(Stored data)
——————————

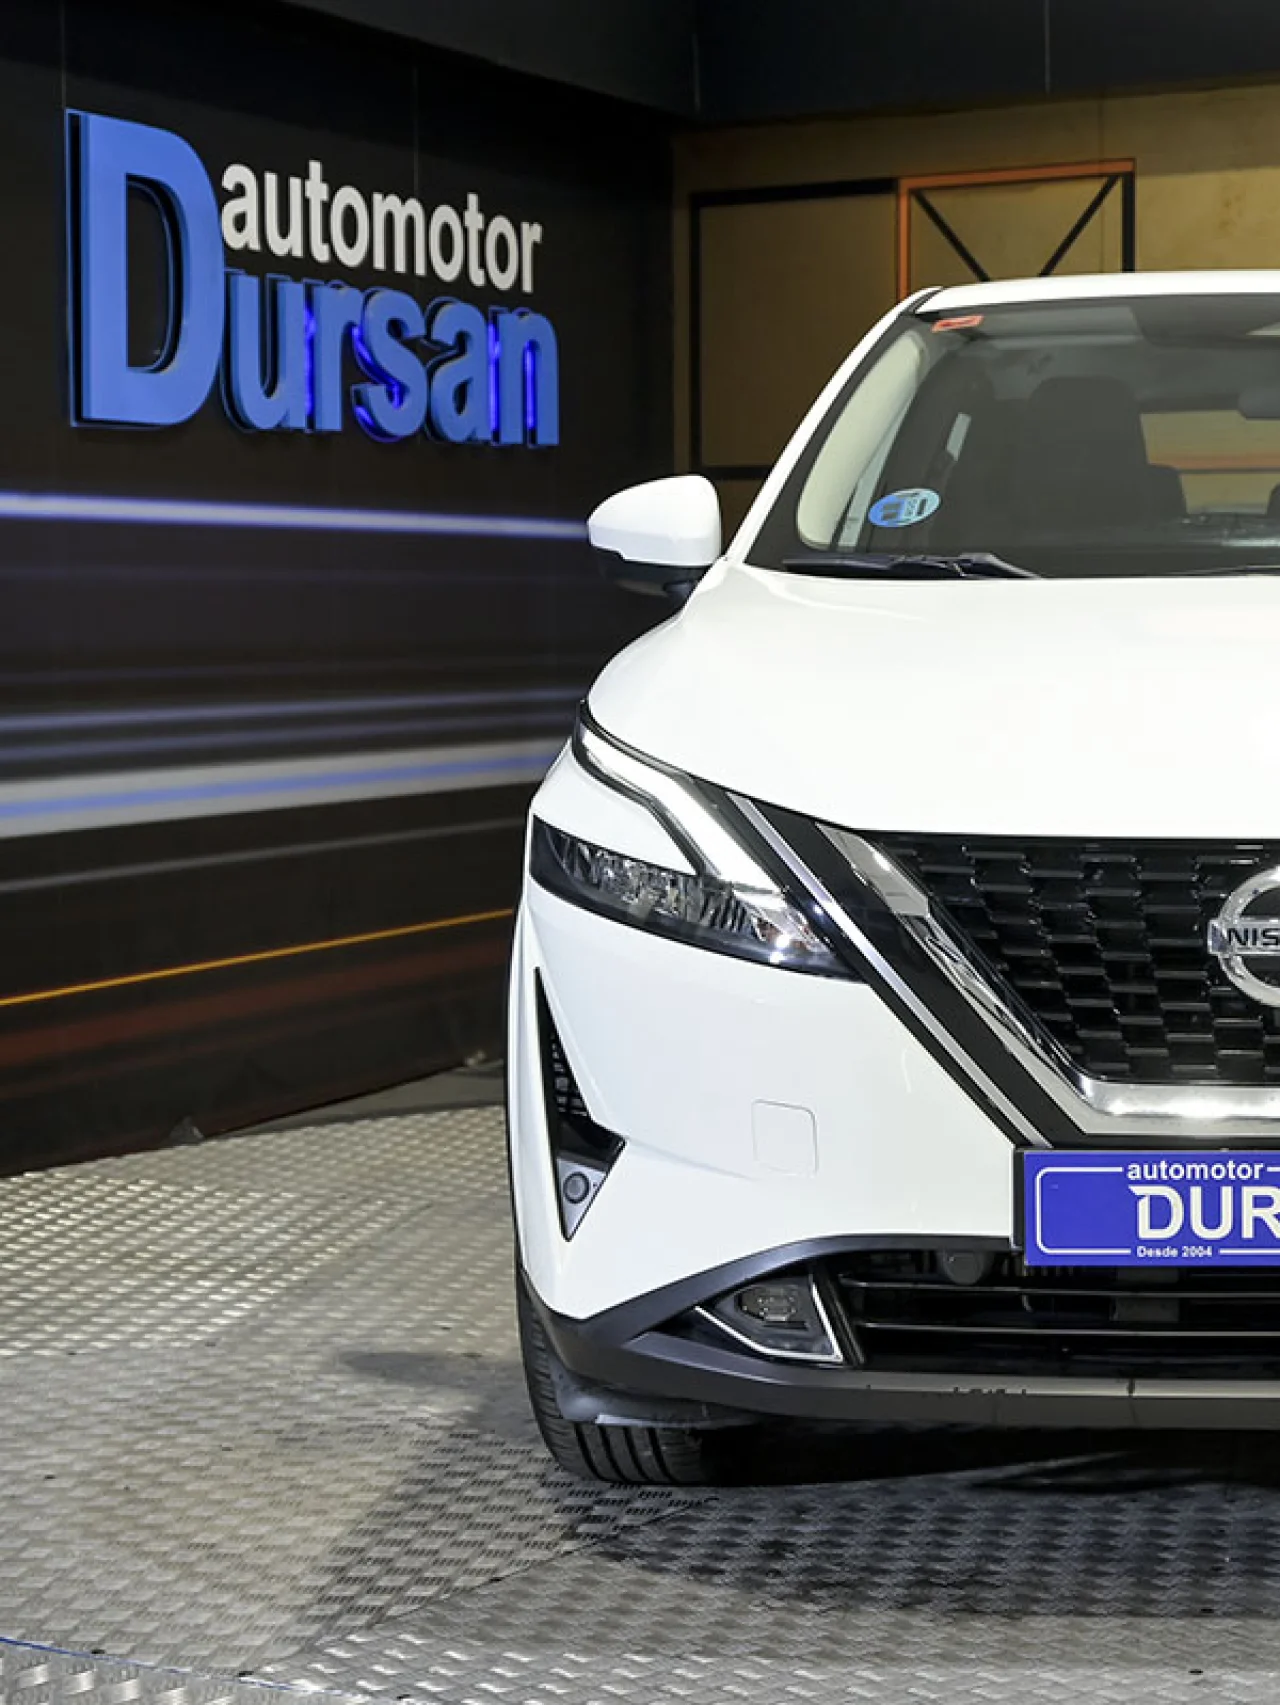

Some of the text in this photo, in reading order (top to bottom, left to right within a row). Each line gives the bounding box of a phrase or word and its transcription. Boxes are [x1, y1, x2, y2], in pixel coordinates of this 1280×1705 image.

[221, 160, 542, 293] automotor
[66, 108, 560, 447] Dursan
[1127, 1160, 1264, 1180] automotor
[1136, 1245, 1213, 1258] Desde 2004

——————————

Set down the entries word for word, omitting all pictures.

Some of the text in this photo, in reading order (top to bottom, left to right within a row). Each line gives the bounding box of a phrase or word and its transcription. Boxes are [x1, y1, x2, y2], in pixel coordinates of this 1280×1705 image.

[221, 160, 542, 293] automotor
[66, 108, 560, 447] Dursan
[1127, 1160, 1264, 1180] automotor
[1136, 1245, 1213, 1258] Desde 2004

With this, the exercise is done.